ハウエル氏は彼の椅子に深く沈み込んだ。彼は目を閉じ、取り乱さないよう全神経を注ぎながら電話を自身から離した。彼がすすり泣いていると、廊下で足音が聞こえた。見さえしなくとも彼は十中八九アーロンがこの部屋を覗き込んでいると分かった。
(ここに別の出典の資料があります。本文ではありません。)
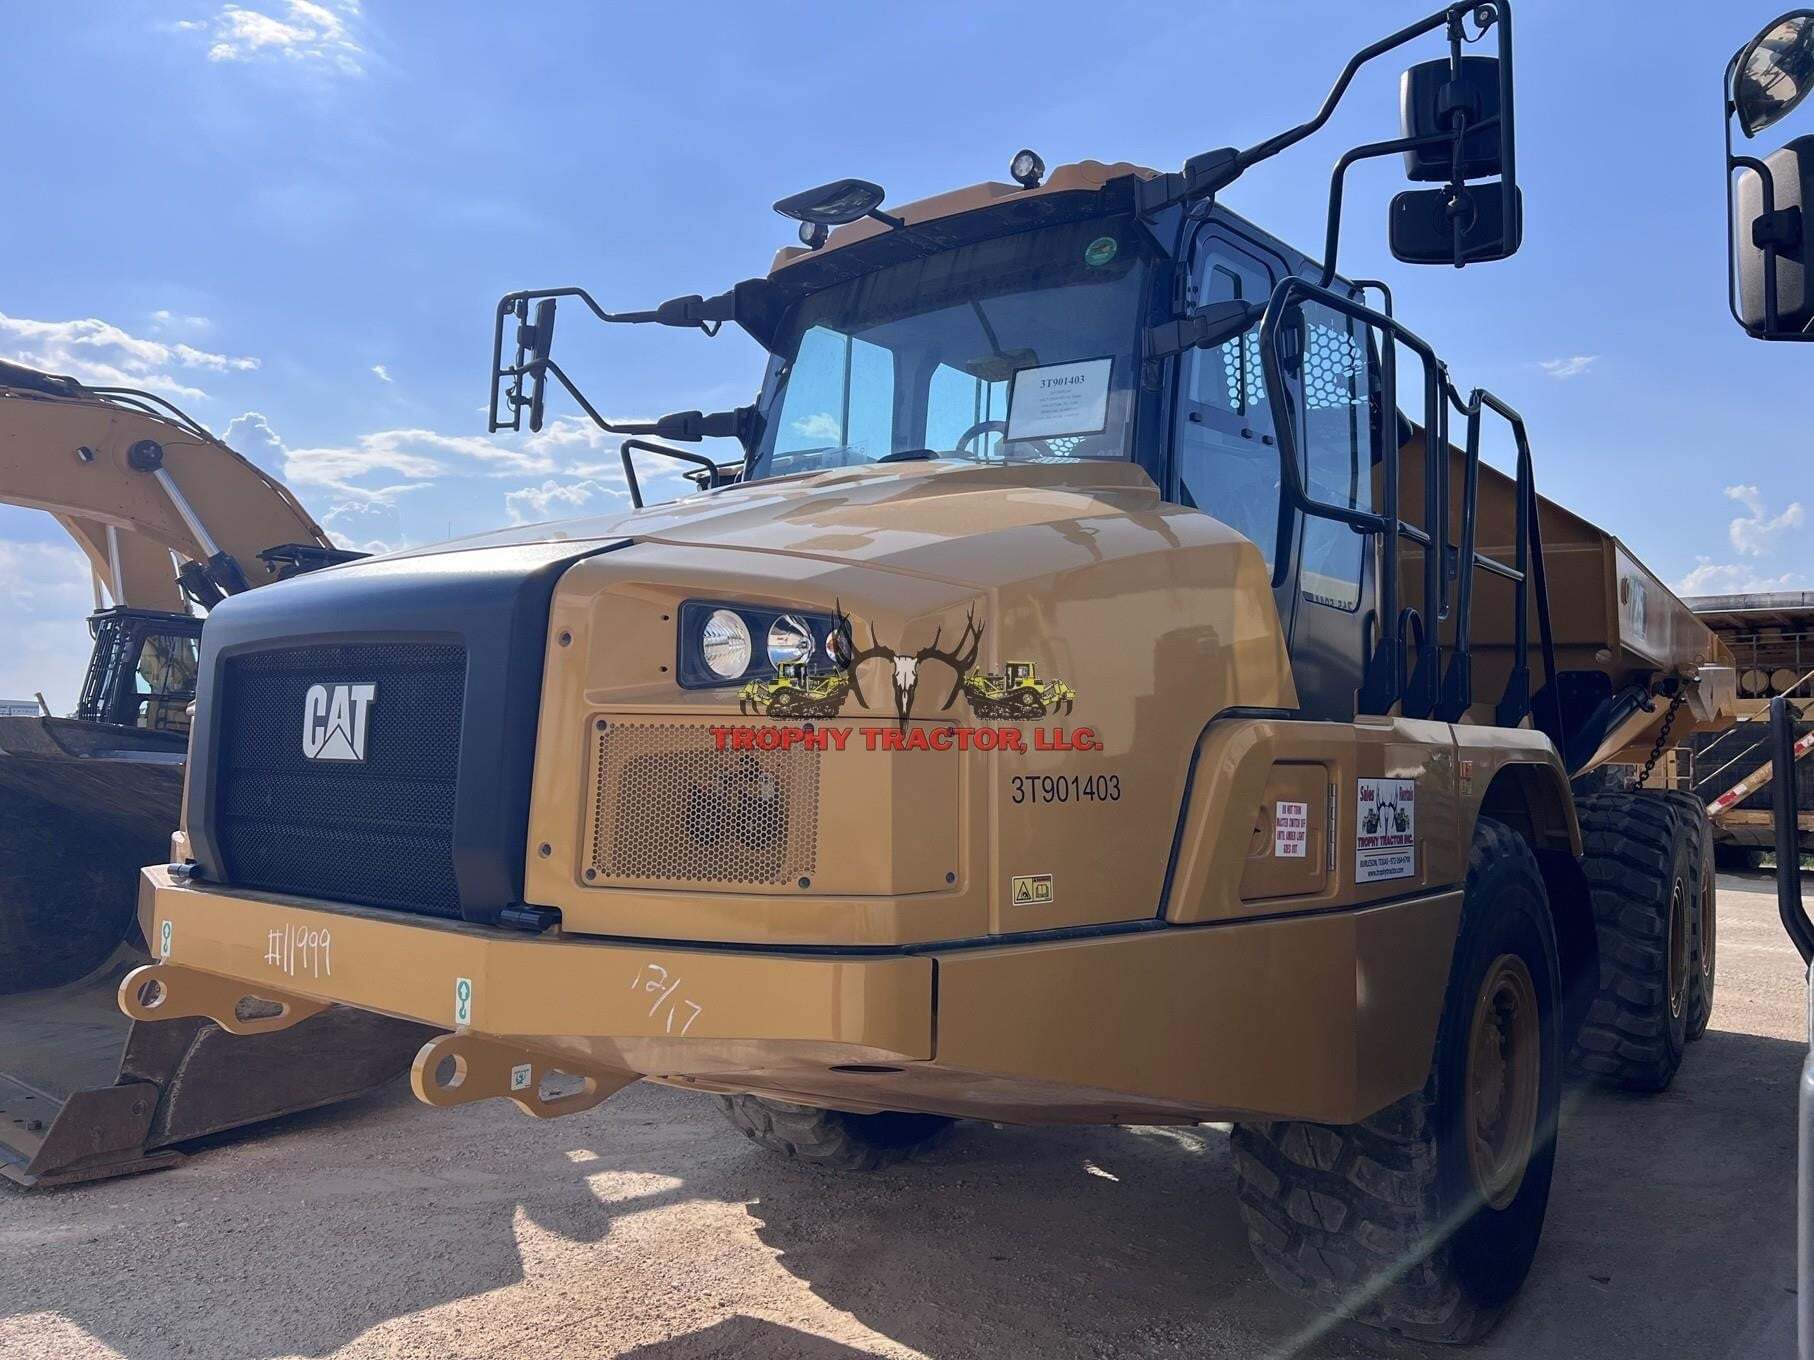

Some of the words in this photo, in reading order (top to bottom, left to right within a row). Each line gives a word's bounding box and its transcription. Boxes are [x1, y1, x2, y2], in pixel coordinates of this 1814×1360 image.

「ハウエルさん?」セイカー夫人が尋ねた。彼女の声は弱々しかった。

「つまりもう諦めろと?」ハウエル氏が尋ねた。

「その必要はありません。」セイカー夫人が答えた。「十分な時間をとれば、最終的にアーロン君の体が新しい構成要素と同期するかもしれませんし、あるいは……」

ハウエル氏は通話を切り、電話を床に落ちるに任せた。彼はそれから両手で頭を抱えた。

「元通りなんだよね、父さん?」

ハウエル氏は彼の肩に手が置かれたのを感じた。彼は見上げ、アーロンが補装具で彼を掴んでいることに気付いた。ハウエル氏はすぐに頷いた。